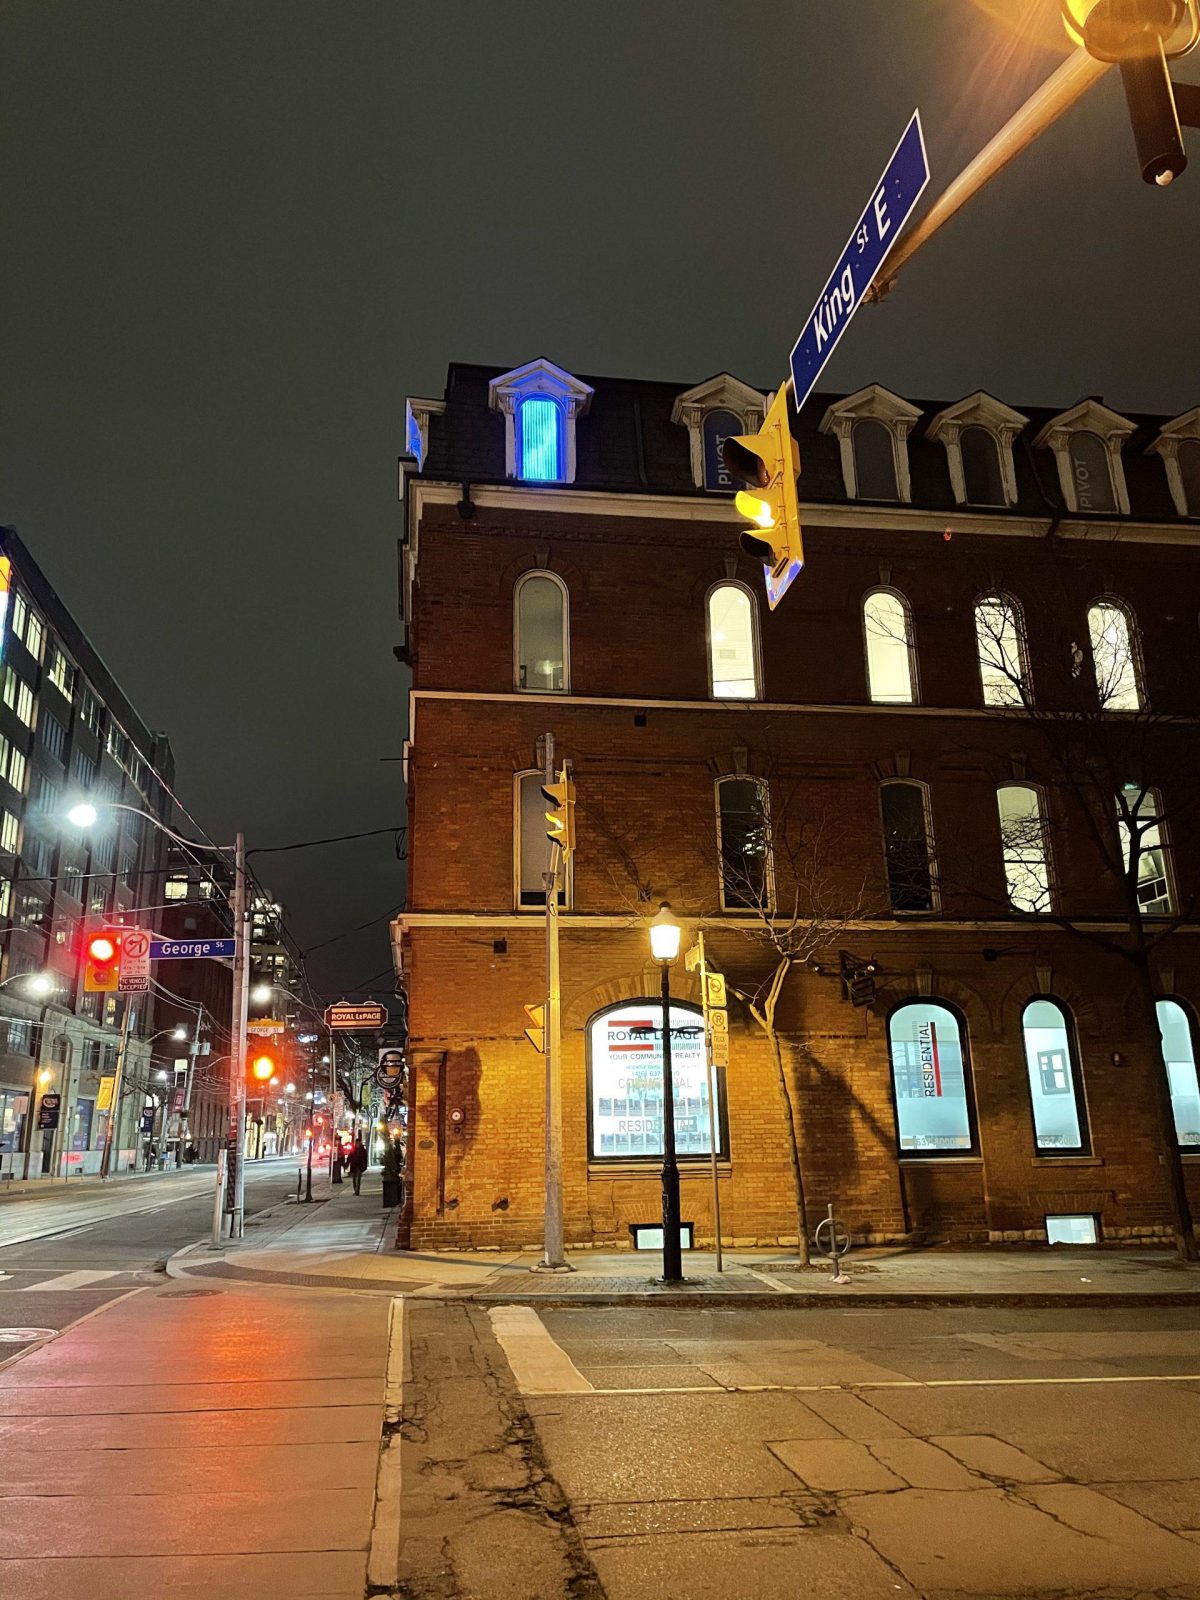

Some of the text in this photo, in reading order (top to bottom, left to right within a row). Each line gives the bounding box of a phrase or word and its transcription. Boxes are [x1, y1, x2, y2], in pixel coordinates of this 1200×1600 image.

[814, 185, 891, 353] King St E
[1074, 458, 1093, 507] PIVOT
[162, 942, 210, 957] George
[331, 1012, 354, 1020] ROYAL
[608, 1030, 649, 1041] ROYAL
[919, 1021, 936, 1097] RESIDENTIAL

==============================

• _Instructions for the task_
In your copy, omit the pictures and restate every line of the data word for word.

• _Reply to the task_
Some of the text in this photo, in reading order (top to bottom, left to right within a row). Each line gives the bounding box of a phrase or word and its transcription. Boxes are [x1, y1, x2, y2], in pixel coordinates of this 1200×1600 image.

[814, 185, 891, 353] King St E
[1074, 458, 1093, 507] PIVOT
[162, 942, 210, 957] George
[331, 1012, 354, 1020] ROYAL
[608, 1030, 649, 1041] ROYAL
[919, 1021, 936, 1097] RESIDENTIAL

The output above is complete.